TLS handshake time is the killer for battery-powered devices. For devices that sleep between transmissions, keep_alive_enable won’t help you — that’s TCP keep-alive, which only prevents idle connection teardown. It has no effect when the device sleeps and disconnects entirely. The real options for cutting handshake overhead are TLS session tickets (requires server-side support; mbedTLS handles this) or pre-shared keys with a faster cipher suite like TLS_PSK_WITH_AES_128_CCM_8. The PSK approach trades key distribution complexity for a handshake measured in milliseconds instead of seconds.
When to Use It, When to Reach for Something Else
Use ESP32 when:
- You need Wi-Fi + compute at under $5/unit
- Battery life isn’t critical (or you’re on mains power)
- Your fleet is under ~1000 units and you control the network
- You’re comfortable with C/C++ or MicroPython
Reach for something else when:
- You need cellular connectivity — look at the ESP32 with a SIM7670 module, or switch to a Quectel module with a proper cellular stack
- Sub-GHz range matters — the nRF52840 + LoRa combo covers 2km+ where Wi-Fi gives up
- You need real-time guarantees — FreeRTOS ticks at 100Hz by default, the watchdog is your friend but you’re not running a motor controller on this thing
- Your update pipeline needs cryptographic firmware signing with an HSM — doable on ESP32 (secure boot v2 + flash encryption), but the key ceremony is painful and irreversible if you make mistakes
The One Config You Must Get Right Before Shipping
Enable secure boot v2 and flash encryption before your first production flash. Once devices are in the field, you cannot retroactively enable these. The public key digest is burned into eFuses on first boot — the private key never touches the device. Keep your private signing key in a secrets manager or HSM. If it’s compromised, every device trusting that key is compromised.

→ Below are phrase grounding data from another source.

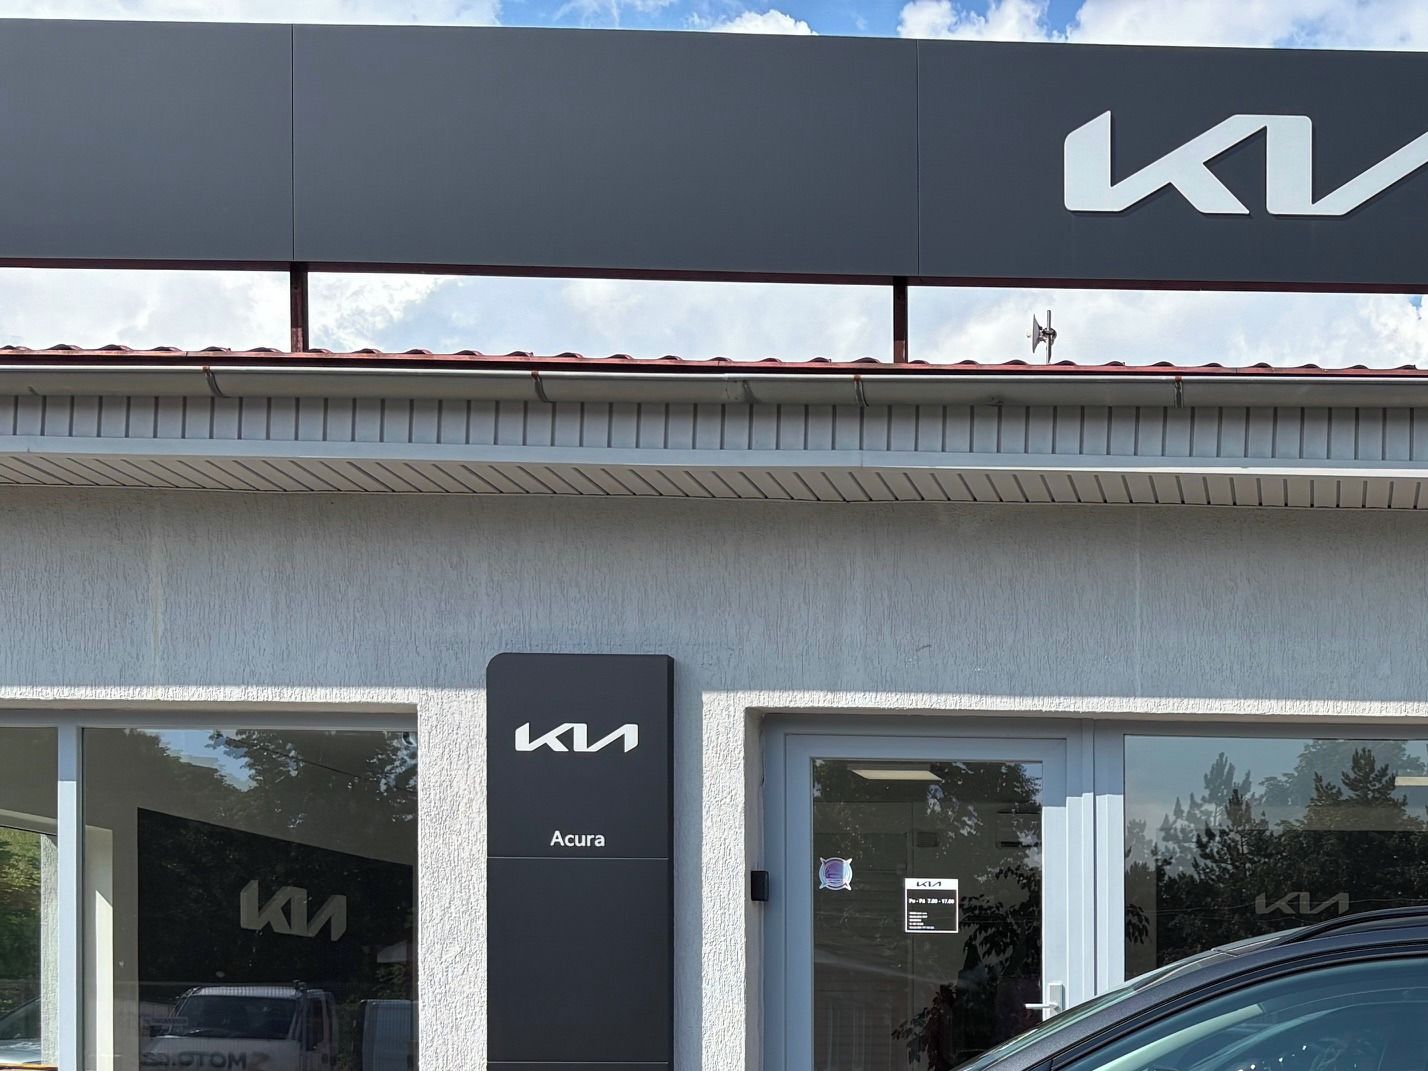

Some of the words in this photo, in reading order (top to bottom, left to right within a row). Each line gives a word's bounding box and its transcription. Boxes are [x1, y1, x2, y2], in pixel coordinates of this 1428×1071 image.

[515, 722, 639, 753] KIA
[550, 830, 605, 847] Acura
[240, 879, 347, 941] KIA
[1255, 891, 1350, 915] KIA
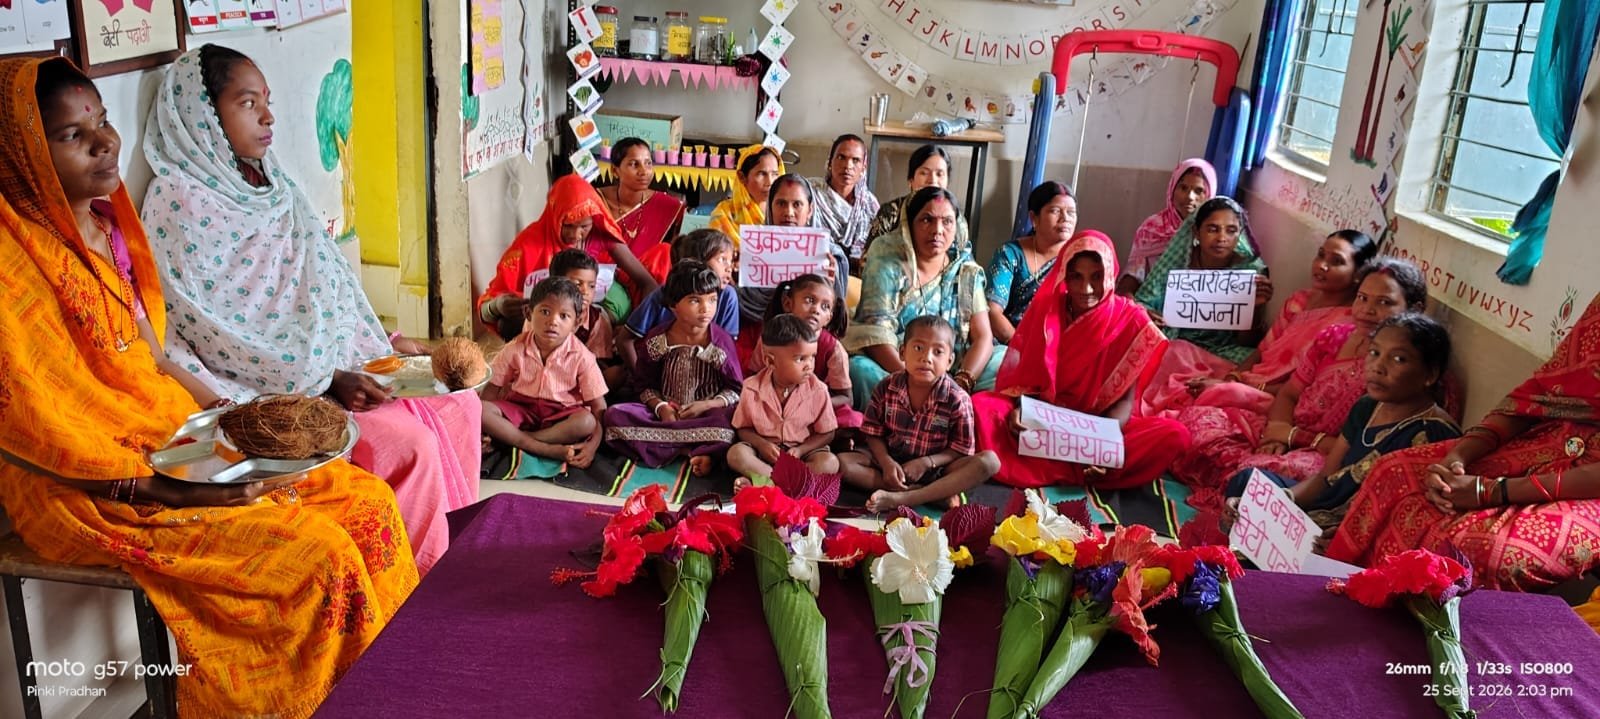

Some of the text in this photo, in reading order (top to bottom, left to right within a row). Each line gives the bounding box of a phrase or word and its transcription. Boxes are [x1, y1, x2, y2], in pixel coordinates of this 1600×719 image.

[571, 7, 586, 27] T
[922, 20, 938, 35] J
[940, 29, 954, 47] K
[964, 38, 975, 56] L
[981, 41, 998, 58] M
[1006, 43, 1020, 60] N
[1029, 40, 1045, 56] O
[1112, 6, 1126, 21] S
[100, 19, 123, 48] बेटी
[743, 230, 826, 256] सुकन्या
[1176, 293, 1248, 325] योजना
[1031, 401, 1099, 432] पोषण
[1022, 424, 1123, 468] अभियान
[1247, 470, 1275, 512] बेटी
[1234, 505, 1269, 558] बेटी

The threat model is precise: eFuse holds the public key digest → bootloader rejects any binary not signed by the matching private key → an attacker with physical flash access cannot install unsigned firmware.

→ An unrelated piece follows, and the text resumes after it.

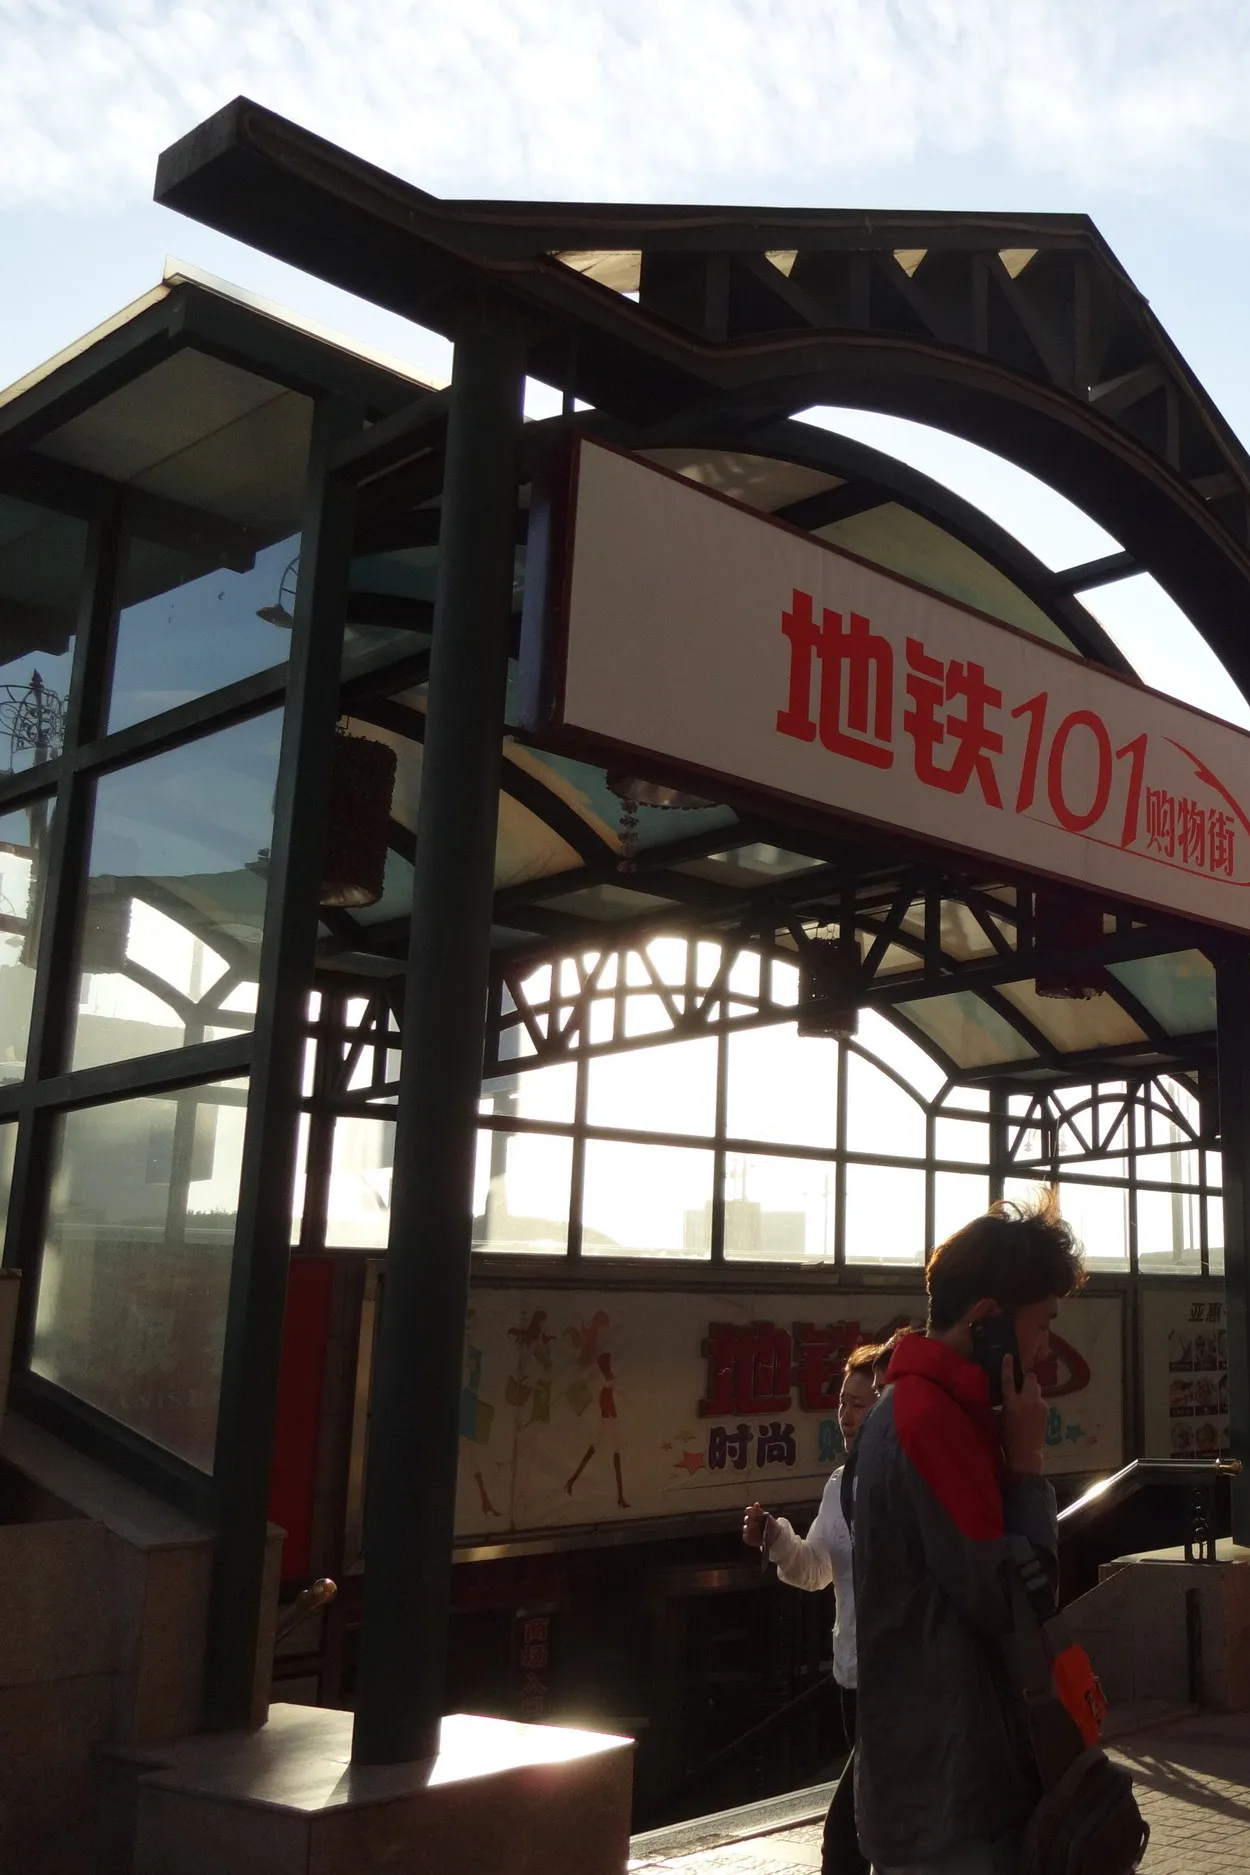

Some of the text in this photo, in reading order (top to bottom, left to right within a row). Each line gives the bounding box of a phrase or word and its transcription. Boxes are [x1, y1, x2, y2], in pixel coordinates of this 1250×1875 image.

[776, 588, 1148, 849] 地铁101
[1145, 788, 1236, 877] 购物街
[708, 1421, 797, 1471] 时尚

The following is a reference configuration fragment, not a literal filename ESP-IDF reads. Apply these via sdkconfig.defaults or a Kconfig fragment in your build system:
# Reference: production sdkconfig settings
CONFIG_SECURE_BOOT=y
CONFIG_SECURE_BOOT_V2_ENABLED=y
CONFIG_SECURE_SIGNED_APPS_ECDSA_V2_SCHEME=y
CONFIG_SECURE_BOOT_SIGNING_KEY="secure_boot_signing_key.pem"
CONFIG_FLASH_ENCRYPTION_ENABLED=y
CONFIG_FLASH_ENCRYPTION_MODE_RELEASE=y
CONFIG_BOOTLOADER_APP_ROLLBACK_ENABLE=y
CONFIG_BOOTLOADER_APP_ANTI_ROLLBACK=y
CONFIG_BOOTLOADER_APP_SECURE_VERSION=1
# Watchdog: if main task hangs for 30s, reset
CONFIG_ESP_TASK_WDT_TIMEOUT_S=30
CONFIG_ESP_TASK_WDT_CHECK_IDLE_TASK_CPU0=y
Generate your signing key once, store it in a secrets manager, and never let it touch a developer’s laptop. Every firmware binary gets signed before it hits your OTA server. The bootloader verifies the signature before loading.
The ESP32 ecosystem has matured considerably. The tooling (ESP-IDF 5.x, the VS Code extension, idf.py workflows) is genuinely good. The documentation is dense but complete. What it lacks is honest writing about production failure modes — the devices that got bricked by a bad OTA, the fleet that came online with debug logging enabled and hammered the broker, the secure boot key that got lost.
Design for failures you haven’t seen yet. That’s what separates a prototype from infrastructure.